▸ Exercise instructions:
These entries must be printed again exactly as they are.

Stored items from a collection
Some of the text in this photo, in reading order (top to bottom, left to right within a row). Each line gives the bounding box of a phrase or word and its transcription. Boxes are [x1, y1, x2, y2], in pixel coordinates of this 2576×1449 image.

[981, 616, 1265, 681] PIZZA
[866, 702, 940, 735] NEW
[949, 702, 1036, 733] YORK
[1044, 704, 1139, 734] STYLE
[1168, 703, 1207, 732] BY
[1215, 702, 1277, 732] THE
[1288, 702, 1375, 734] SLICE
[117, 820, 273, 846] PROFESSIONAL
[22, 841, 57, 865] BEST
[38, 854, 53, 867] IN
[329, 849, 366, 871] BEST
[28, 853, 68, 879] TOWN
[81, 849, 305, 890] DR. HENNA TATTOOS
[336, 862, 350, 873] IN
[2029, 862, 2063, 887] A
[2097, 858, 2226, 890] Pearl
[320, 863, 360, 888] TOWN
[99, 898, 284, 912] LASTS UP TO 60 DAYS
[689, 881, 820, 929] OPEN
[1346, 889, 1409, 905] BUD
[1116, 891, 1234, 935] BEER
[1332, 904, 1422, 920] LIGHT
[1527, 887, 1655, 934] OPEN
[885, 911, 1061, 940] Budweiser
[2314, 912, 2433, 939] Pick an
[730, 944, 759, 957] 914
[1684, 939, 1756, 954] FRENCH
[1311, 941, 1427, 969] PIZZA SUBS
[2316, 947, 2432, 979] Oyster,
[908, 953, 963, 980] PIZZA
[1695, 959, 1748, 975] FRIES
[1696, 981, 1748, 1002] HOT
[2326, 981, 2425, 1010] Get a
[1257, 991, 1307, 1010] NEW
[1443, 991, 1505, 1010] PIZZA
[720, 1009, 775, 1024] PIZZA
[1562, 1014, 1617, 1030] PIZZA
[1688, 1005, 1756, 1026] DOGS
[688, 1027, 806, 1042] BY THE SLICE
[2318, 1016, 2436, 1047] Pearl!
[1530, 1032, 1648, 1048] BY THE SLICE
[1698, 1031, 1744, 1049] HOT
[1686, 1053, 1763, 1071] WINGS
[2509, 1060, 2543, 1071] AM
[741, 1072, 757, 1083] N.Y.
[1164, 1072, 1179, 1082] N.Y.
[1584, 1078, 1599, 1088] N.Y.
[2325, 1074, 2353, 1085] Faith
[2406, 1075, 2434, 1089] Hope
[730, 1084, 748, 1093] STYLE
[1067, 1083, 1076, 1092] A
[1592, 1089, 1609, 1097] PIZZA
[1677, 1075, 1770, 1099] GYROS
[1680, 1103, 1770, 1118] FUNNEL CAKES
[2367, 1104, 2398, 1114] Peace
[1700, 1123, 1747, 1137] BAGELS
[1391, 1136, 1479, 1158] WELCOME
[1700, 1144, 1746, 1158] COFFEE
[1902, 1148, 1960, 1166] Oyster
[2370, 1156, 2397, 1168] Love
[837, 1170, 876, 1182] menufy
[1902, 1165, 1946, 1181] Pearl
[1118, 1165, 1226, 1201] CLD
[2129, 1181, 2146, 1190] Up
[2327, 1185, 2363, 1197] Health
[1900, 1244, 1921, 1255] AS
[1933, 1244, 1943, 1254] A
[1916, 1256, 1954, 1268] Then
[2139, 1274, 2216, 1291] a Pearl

▸ Task solution:
Some of the text in this photo, in reading order (top to bottom, left to right within a row). Each line gives the bounding box of a phrase or word and its transcription. Boxes are [x1, y1, x2, y2], in pixel coordinates of this 2576×1449 image.

[981, 616, 1265, 681] PIZZA
[866, 702, 940, 735] NEW
[949, 702, 1036, 733] YORK
[1044, 704, 1139, 734] STYLE
[1168, 703, 1207, 732] BY
[1215, 702, 1277, 732] THE
[1288, 702, 1375, 734] SLICE
[117, 820, 273, 846] PROFESSIONAL
[22, 841, 57, 865] BEST
[38, 854, 53, 867] IN
[329, 849, 366, 871] BEST
[28, 853, 68, 879] TOWN
[81, 849, 305, 890] DR. HENNA TATTOOS
[336, 862, 350, 873] IN
[2029, 862, 2063, 887] A
[2097, 858, 2226, 890] Pearl
[320, 863, 360, 888] TOWN
[99, 898, 284, 912] LASTS UP TO 60 DAYS
[689, 881, 820, 929] OPEN
[1346, 889, 1409, 905] BUD
[1116, 891, 1234, 935] BEER
[1332, 904, 1422, 920] LIGHT
[1527, 887, 1655, 934] OPEN
[885, 911, 1061, 940] Budweiser
[2314, 912, 2433, 939] Pick an
[730, 944, 759, 957] 914
[1684, 939, 1756, 954] FRENCH
[1311, 941, 1427, 969] PIZZA SUBS
[2316, 947, 2432, 979] Oyster,
[908, 953, 963, 980] PIZZA
[1695, 959, 1748, 975] FRIES
[1696, 981, 1748, 1002] HOT
[2326, 981, 2425, 1010] Get a
[1257, 991, 1307, 1010] NEW
[1443, 991, 1505, 1010] PIZZA
[720, 1009, 775, 1024] PIZZA
[1562, 1014, 1617, 1030] PIZZA
[1688, 1005, 1756, 1026] DOGS
[688, 1027, 806, 1042] BY THE SLICE
[2318, 1016, 2436, 1047] Pearl!
[1530, 1032, 1648, 1048] BY THE SLICE
[1698, 1031, 1744, 1049] HOT
[1686, 1053, 1763, 1071] WINGS
[2509, 1060, 2543, 1071] AM
[741, 1072, 757, 1083] N.Y.
[1164, 1072, 1179, 1082] N.Y.
[1584, 1078, 1599, 1088] N.Y.
[2325, 1074, 2353, 1085] Faith
[2406, 1075, 2434, 1089] Hope
[730, 1084, 748, 1093] STYLE
[1067, 1083, 1076, 1092] A
[1592, 1089, 1609, 1097] PIZZA
[1677, 1075, 1770, 1099] GYROS
[1680, 1103, 1770, 1118] FUNNEL CAKES
[2367, 1104, 2398, 1114] Peace
[1700, 1123, 1747, 1137] BAGELS
[1391, 1136, 1479, 1158] WELCOME
[1700, 1144, 1746, 1158] COFFEE
[1902, 1148, 1960, 1166] Oyster
[2370, 1156, 2397, 1168] Love
[837, 1170, 876, 1182] menufy
[1902, 1165, 1946, 1181] Pearl
[1118, 1165, 1226, 1201] CLD
[2129, 1181, 2146, 1190] Up
[2327, 1185, 2363, 1197] Health
[1900, 1244, 1921, 1255] AS
[1933, 1244, 1943, 1254] A
[1916, 1256, 1954, 1268] Then
[2139, 1274, 2216, 1291] a Pearl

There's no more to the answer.